12 years 10 months ago
Mark,
Thanks, I stand corrected.  I accept JPII’s teaching on the  functional  ontological change in being that takes place through Holy Orders, which does set the recipient apart to act in persona Christi. The priest does become, mysteriously, and ever remains so, an “alter Christi” which does not change no matter the sin, or crime committed. Once a priest, always a priest.
Now I am not a theologian, but in its own way is not this also true of Baptism, which ontologically changes human nature into something ”other” producing an ontological change in being, formerly incapable ,but now  capable of participating in the Divine Nature, setting that person apart by election, conferring the ”right” to an actual  son/daughter relationship to the Father, through the Son and in the Spirit? This makes possible configuration to Christ through Holy Orders,  which could not happen apart from Baptism, meaning that Holy Orders gets its efficacy from and through Baptism of which Confirmation is its “other part.” Is this not why Baptism holds primacy of place within the sacramental system, the conduit through which, and from which, all grace flows?  Like Holy Orders, Baptism cannot be undone. So it seems to me.
 
Maureen O'Riordan
12 years 10 months ago
Dear Fr. Jim,

Thank you for this thoughtful reflection on St. Therese.  If Karl Rahner did not appreciate her, Hans Urs von Balthasar did, and I am happy to see a contemporary Jesuit author who loves her so much. 

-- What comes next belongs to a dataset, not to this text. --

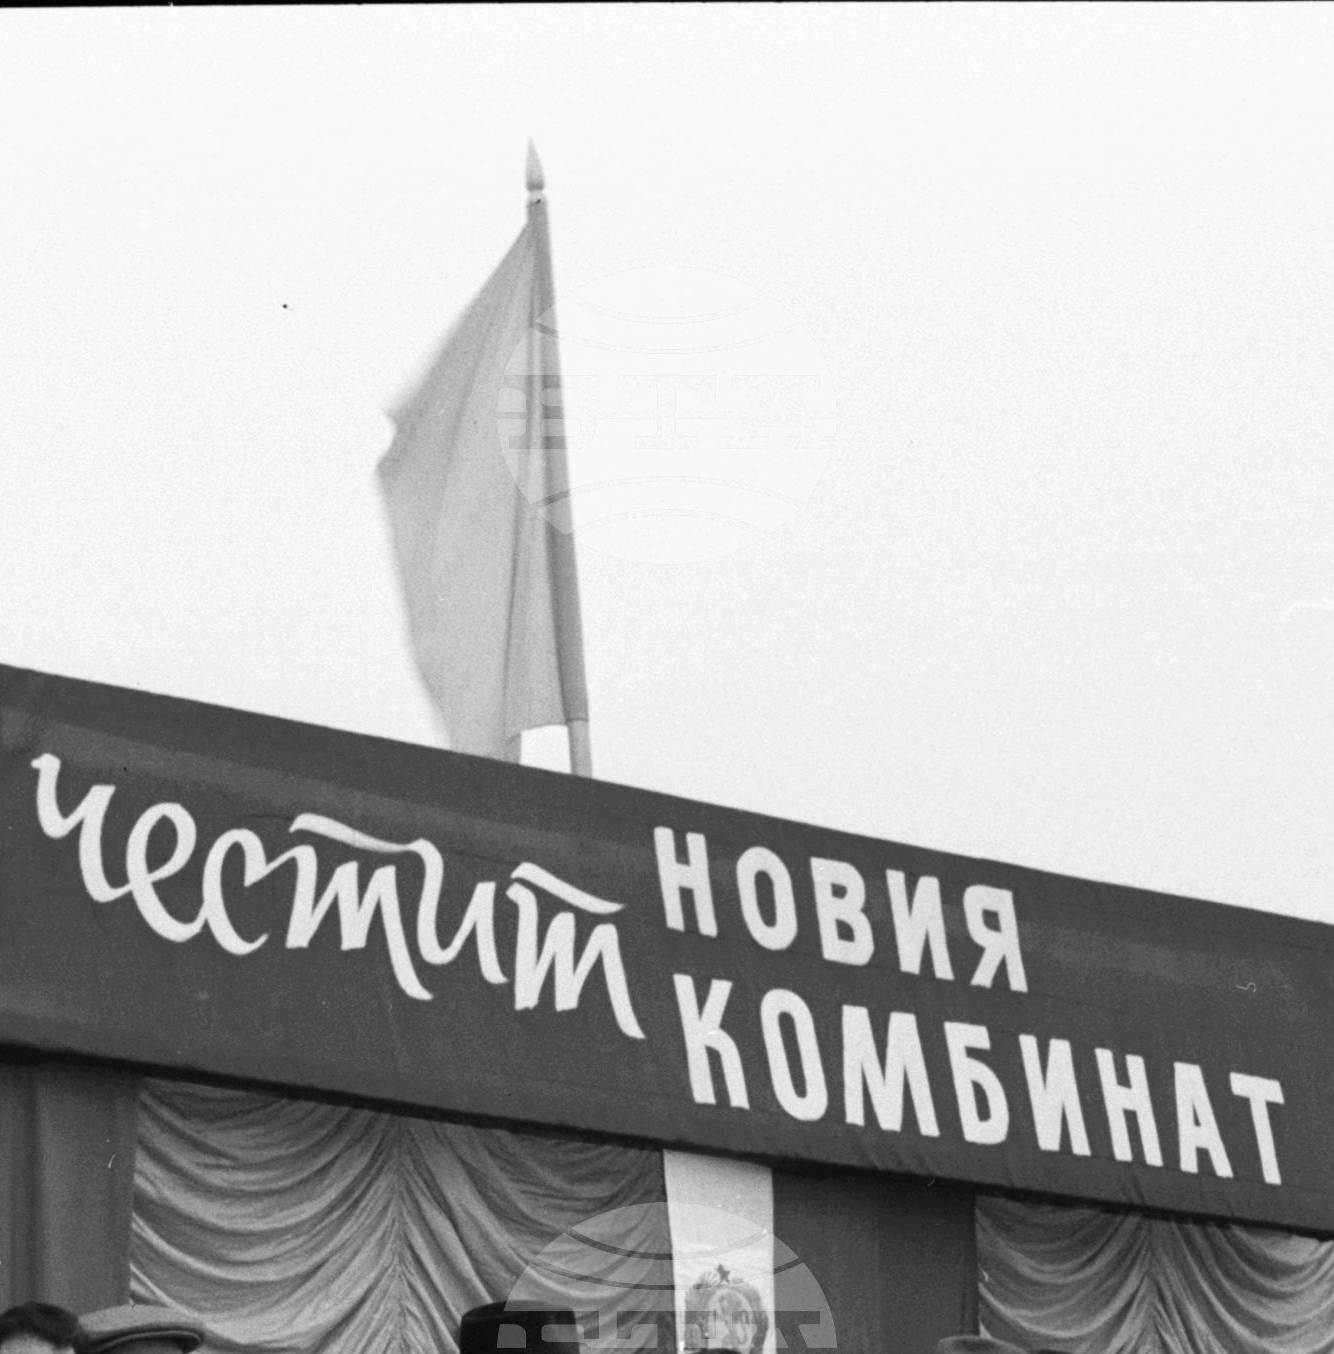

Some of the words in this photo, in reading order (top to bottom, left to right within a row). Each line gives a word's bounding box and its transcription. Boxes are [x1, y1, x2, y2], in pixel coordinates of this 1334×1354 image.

[32, 754, 644, 1038] честит
[654, 827, 1027, 991] НОВИЯ
[674, 974, 1284, 1184] КОМБИНАТ
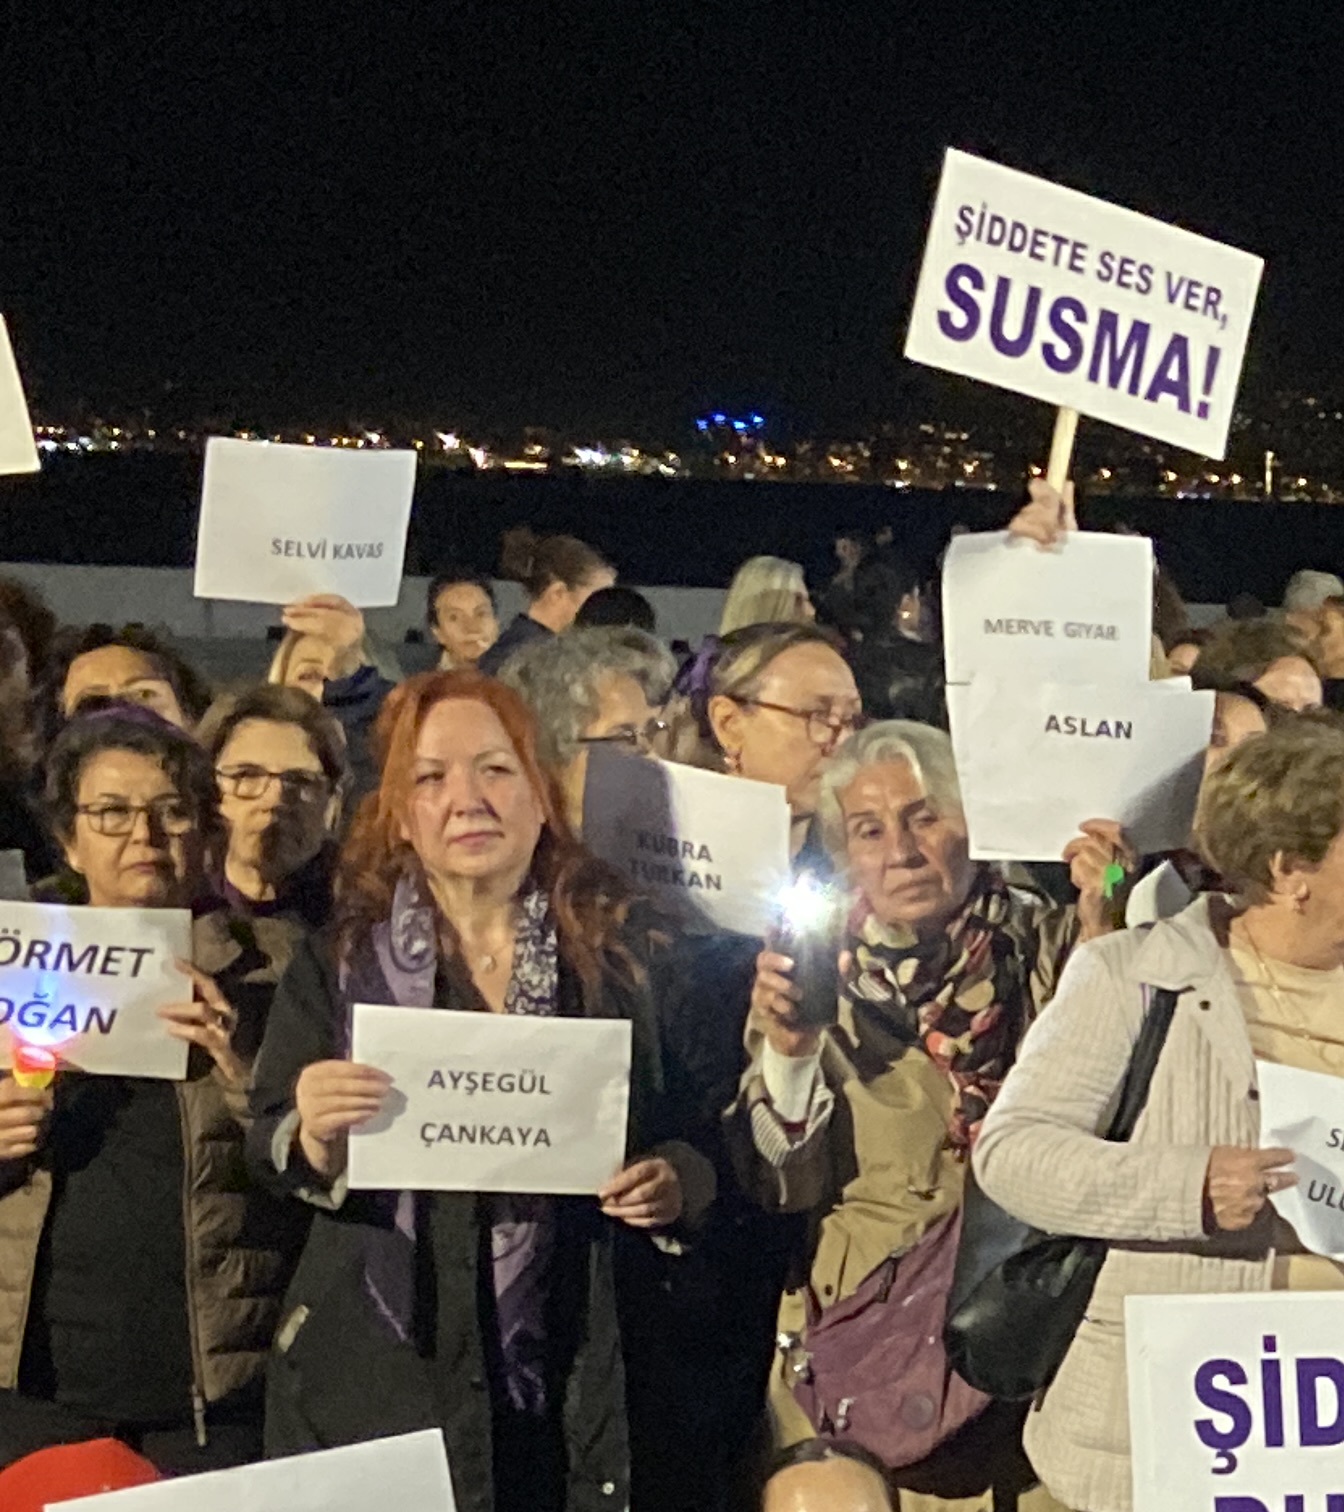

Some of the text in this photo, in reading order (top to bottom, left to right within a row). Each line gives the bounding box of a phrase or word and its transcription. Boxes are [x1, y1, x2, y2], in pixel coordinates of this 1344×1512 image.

You mentioned that Therese often sought out the nun she disliked, Sister Therese of St Augustine.  She went so far in this matter that her older sister, Marie, once said sadly ''After all, God made family ties, and now she loves that sister, whom I can't stand, more than she does me!''  And, when Therese was directing her sister Celine, then a Carmelite novice, she wanted to encourage Celine in her efforts to overcome her natural dislikes, so she told Celine how much effort it cost her to act lovingly toward someone she did not like.  Celine remarks ''When, on top of it all, she named the object of her daily struggles, I was stunned:  I had always thought this sister was her best friend.'' 

To see other resources about St. Therese, please visit my Web site ''St. Therese of Lisieux: A Gateway'' at http://thereseoflisieux.org. 
david power
12 years 10 months ago
BTW Norman,

I truly appreciate all that you wrote in the previous posting and once again find your views very interesting.The Vision that you present of the Pope is a compelling one and a deeply spiritual reading of things. I see it as a problem of clericalism though.His mind was that of a company man.
His father was a army Captain just like the current Pope's father was a police officer.Even if people don't like to admit it that has an effect.That is why I see so many bishops into socialism.
They are deeply embedded in a system,a structure.Fascists were no threat to this system and so the Church let them slide.Communists were and so the Church smelled the end of the status  Quo. Power is to be used I think.If he were speaking to a fellow man of power he would think of him in another way.Roncalli of peasant stock saw things and people differently.  
Jp2  would never have liked that children be raped and would have been sickened by it but if it is a choice between the system he has preserved all  his life and some victims he will do what has to be done. Children losing their innocence is one thing but Priests losing their authority is another.